ORDER : 1. The extra-ordinary jurisdiction of this Court conferred by Article 226 of the Constitution of India is sought to be invoked by filing this writ petition whereby the petitioner has put to challenge the arbitrary action taken against him on the basis of certain allegations which had culminated in an order dated 03.09.2021 by which the petitioner has been suspended for six months and also directed to move out from the hostel within two days. 2. The petition has been structured on the premises that the action against the petitioner is based upon the provisions of the Sexual Harassment of Women at Workplace (Prevention, Prohibition and Redressal) Act, 2013 (hereinafter referred to as the 2013 Act). It is the specific case of the petitioner that the provisions of the 2013 Act, which lays down the safeguards, have been blatantly violated rendering the impugned action non est in law. 3. To appreciate the issue involved, it would be convenient to narrate the facts of the case in brief. 4. The writ petitioner is a Post-Graduate Trainee-MS (General Surgery) at the Tezpur Medical College and Hospital (hereinafter referred to as the TMCH). It is the case of the petitioner that upon clearing the NEET examination in the year 2020, he was inducted as a trainee in the TMCH. The petitioner contends that some vested interested persons had started a malicious campaign against him by posting offensive materials in Twitter wherein the character of the petitioner was maligned. The Twitter messages have also been forwarded to important dignitaries and the police wherein specific allegation of harassing female interns by the petitioner has been made. 5. After publication of the said allegations in the public domain, the authorities of the TMCH had constituted a Three Member Committee (hereinafter Committee) to enquire into the issue which was in the social media. In the said office order dated 01.09.2021 issued by the Principal-cum-Chief Superintendent of TMCH, the Committee was requested to submit its report within 24 hours. It is the case of the petitioner that he was never aware about constitution of such Committee until he was furnished with the impugned order 03.09.2021 by which, based on the report of the enquiry, the petitioner was suspended for a period of six months and was also directed to vacate the hostel within two days from the date of the order.
It is the legality and validity of the aforesaid decision which is the subject matter of challenge in the present writ petition. 6. I have heard Shri R. Chakravarty, learned counsel for the petitioner. Also heard Shri B. Gogoi, learned Standing Counsel, Health and Family Welfare Department, Assam, who represents the respondent nos. 1, 2, 4, 5, 6 and 7. Though the other respondents have been served, they have chosen not to contest the writ petition. 7. Drawing the attention of this Court to the 2013 Act, Shri Chakravarty, learned counsel for the petitioner submits that the allegation being one as contemplated in the said Act, the mandate thereof is required to be mandatorily followed. Assailing the very initiation of the proceeding by constitution of the Committee, the learned counsel for the petitioner has submitted that the Committee is not constituted in accordance with the requirement of Section 4 of the 2013 Act. The provision in question lays down the procedure of making the enquiry into the complaint which requires summoning of witness, production of documents, cross-examination. However, in the instant case, the authorities have given a complete goby to the prescribed procedure and have jumped to the conclusion of imposing penalty to the petitioner. Shri Chakravarty, learned counsel further submits that the penalty in question i.e., suspension for six months is also grossly disproportionate as there is no serious allegation against the petitioner and the allegations are trivial in nature. It is further submitted that because of the impugned order, immense prejudice is being suffered by the petitioner and the stigma would remain forever in his service career. 8. Per contra, Shri B. Gogoi, learned Standing Counsel, Health and Family Welfare Department submits that the entire premises on which the writ petition has been structured is erroneous. The learned Standing Counsel submits that to attract the provisions of the 2013 Act, the petitioner has to fall within the definition of employee as defined in Section 2(f). It is submitted that the Act will be applicable to an ‘employee’ which means a person employed at a workplace for any work and in the instant case, there is no employment of the petitioner as such.

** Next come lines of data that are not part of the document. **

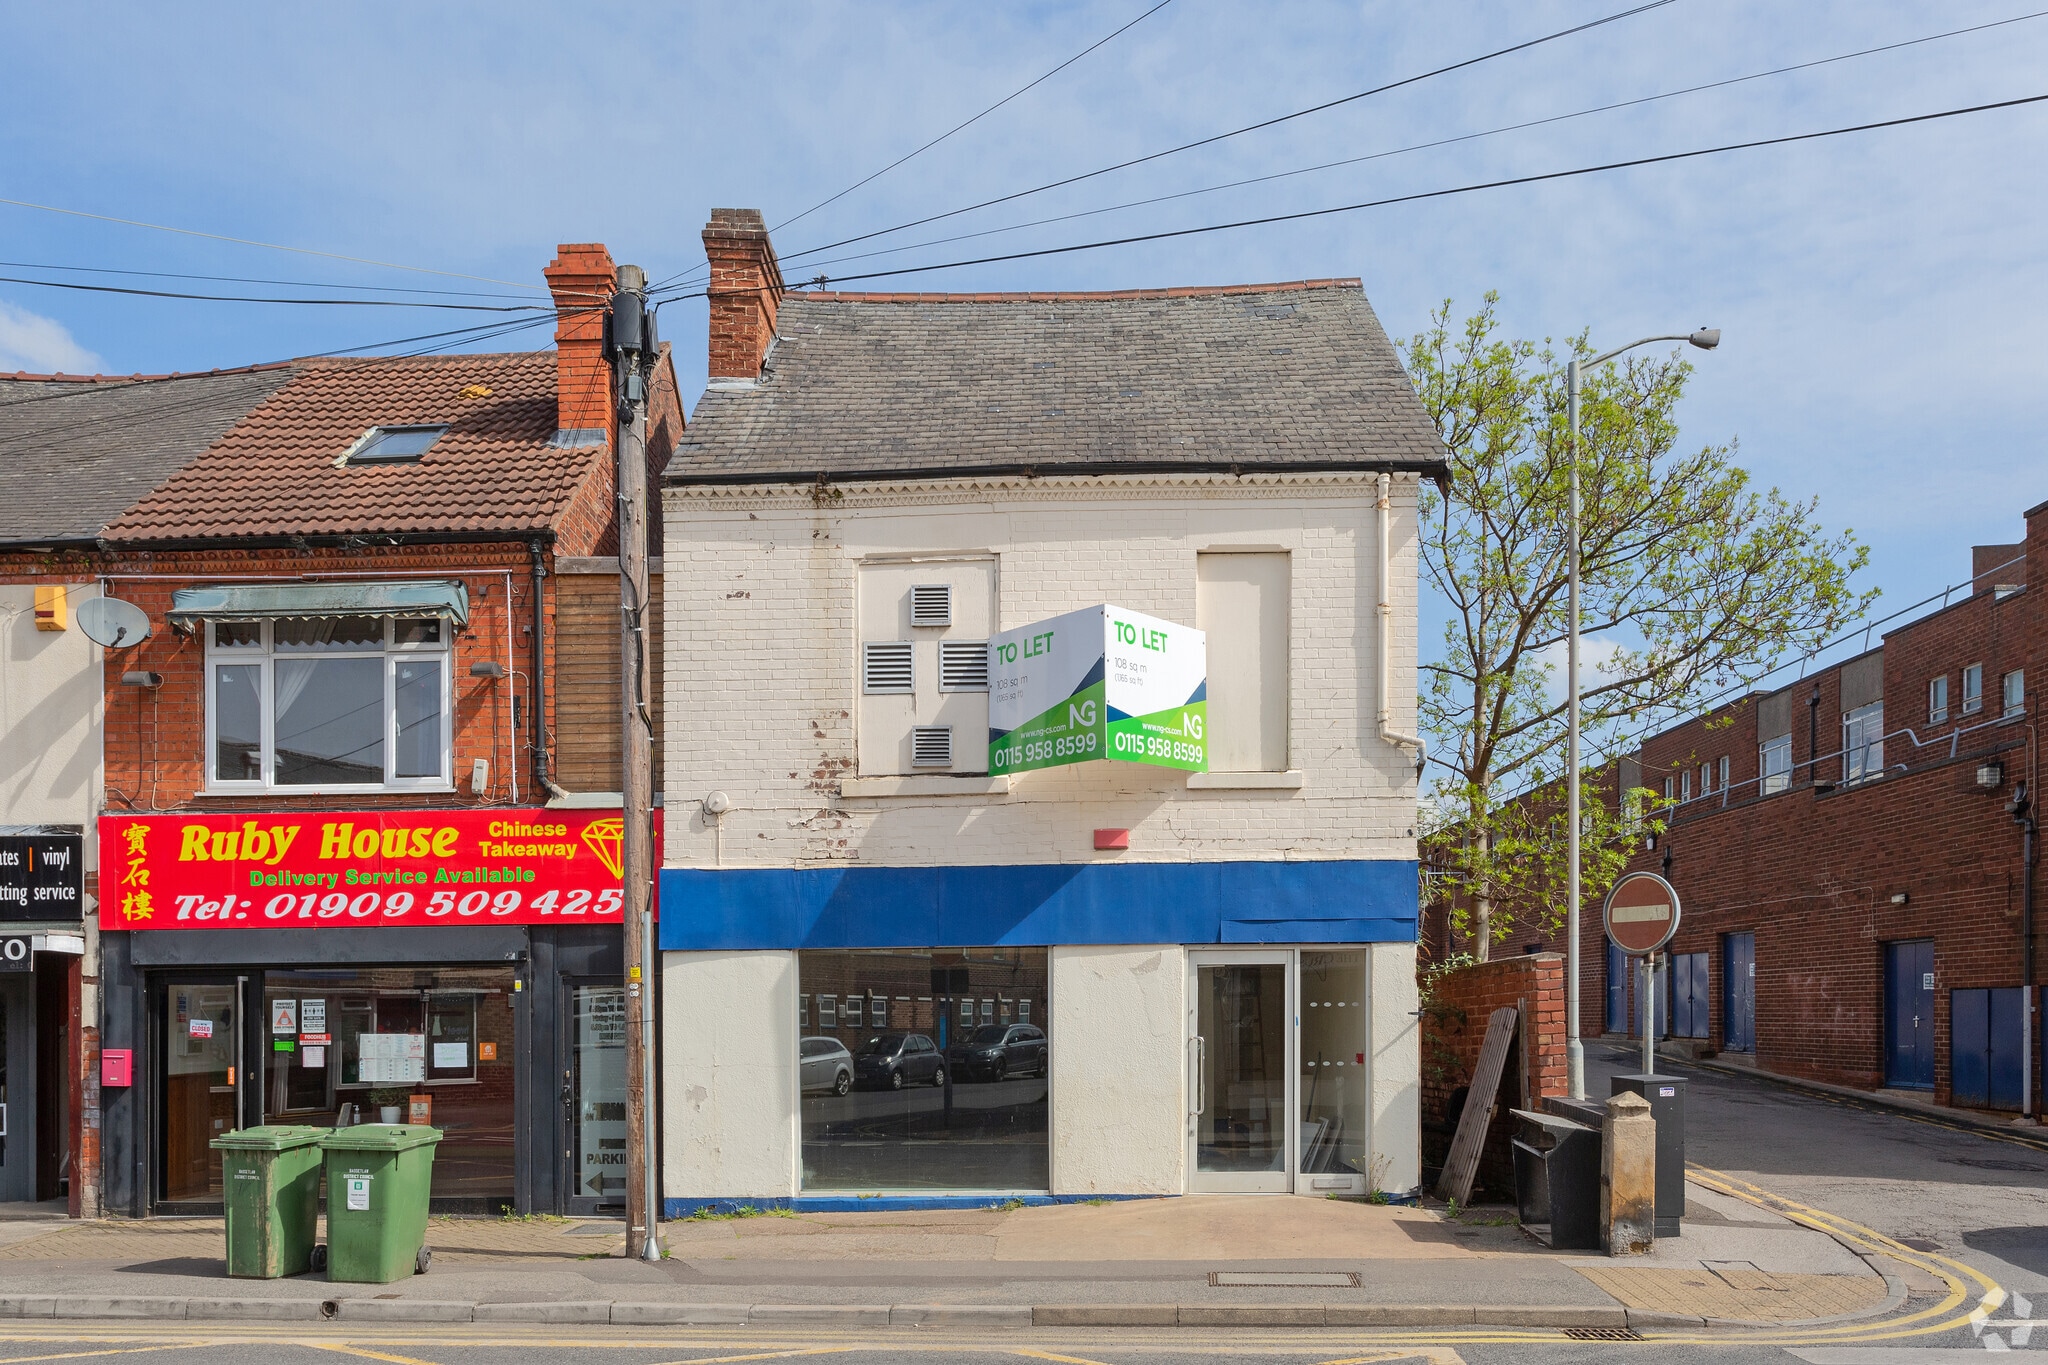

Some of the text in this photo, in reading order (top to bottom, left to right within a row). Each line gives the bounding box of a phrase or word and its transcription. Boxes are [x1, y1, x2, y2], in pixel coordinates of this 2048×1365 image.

[1114, 620, 1168, 653] TO LET
[997, 631, 1055, 666] TO LET
[1114, 657, 1148, 674] 108 sq m
[996, 675, 1028, 690] 108 sq m
[1129, 676, 1137, 685] sq
[1069, 700, 1097, 730] NG
[1183, 712, 1202, 740] NG
[1020, 724, 1067, 739] www.ng-cs.com
[1142, 721, 1182, 737] www.ng-cs.com
[994, 733, 1097, 768] 0115 958 8599
[1115, 731, 1203, 764] 0115 958 8599
[488, 821, 567, 838] Chinese
[178, 821, 460, 865] Ruby House
[478, 841, 577, 860] Takeaway
[42, 846, 70, 871] vinyl
[249, 866, 536, 889] Delivery Service Available
[33, 881, 76, 900] service
[174, 888, 624, 920] Tel: 01909 509 425
[586, 1153, 627, 1165] PARKI

It is submitted that the Act will be applicable to an ‘employee’ which means a person employed at a workplace for any work and in the instant case, there is no employment of the petitioner as such. Shri Gogoi, learned Standing Counsel explains that though the word ‘trainee’ also appears in the definition, the same should be read together which is an inclusive one and which is connected to the first part by the expression ‘and’ which requires that the fact of employment has to be pre-condition. 9. The learned Standing Counsel by drawing the attention of this Court to Regulation 9 of the Post-Graduate Medical Education Regulations, 2000 (Regulations) submits that it is only a candidate who is selected for admission and not for any employment. The Regulations also contain the period of training under Regulation 10, departmental training facilities under Regulation 11, number of post-graduate students to be admitted under Regulation 12 and the training programme which is under Regulation 13. It is submitted that the above provisions of the Regulations make it amply clear that there cannot be any concept of any employment when an incumbent joins the Institute as a trainee. Shri Gogoi has also drawn the attention of this Court to Clause 13(3) thereof which provides for payment of stipend to the postgraduate students undergoing post-graduate degree/diploma and also Clause 14 of the said Regulation which is in connection with examination. It is contended that such provisions are not applicable to an employee and therefore, the contention made by the learned counsel for the petitioner that the petitioner should be treated to be an employee under the 2013 Act is absolutely without any basis. The learned Standing Counsel has also drawn the attention of this Court to the affidavit-in-opposition dated 27.10.2021 filed by the respondent no. 2 wherein written statement (in his own hand writing) of the petitioner which was given to the Committee has also been annexed. 10. Shri Gogoi, learned Standing Counsel submits that upon reading of the said statement, it would reveal that the petitioner has not categorically denied the allegation and has only put a casual denial and on certain occasions have also justified the action as to be without motive or ill intention.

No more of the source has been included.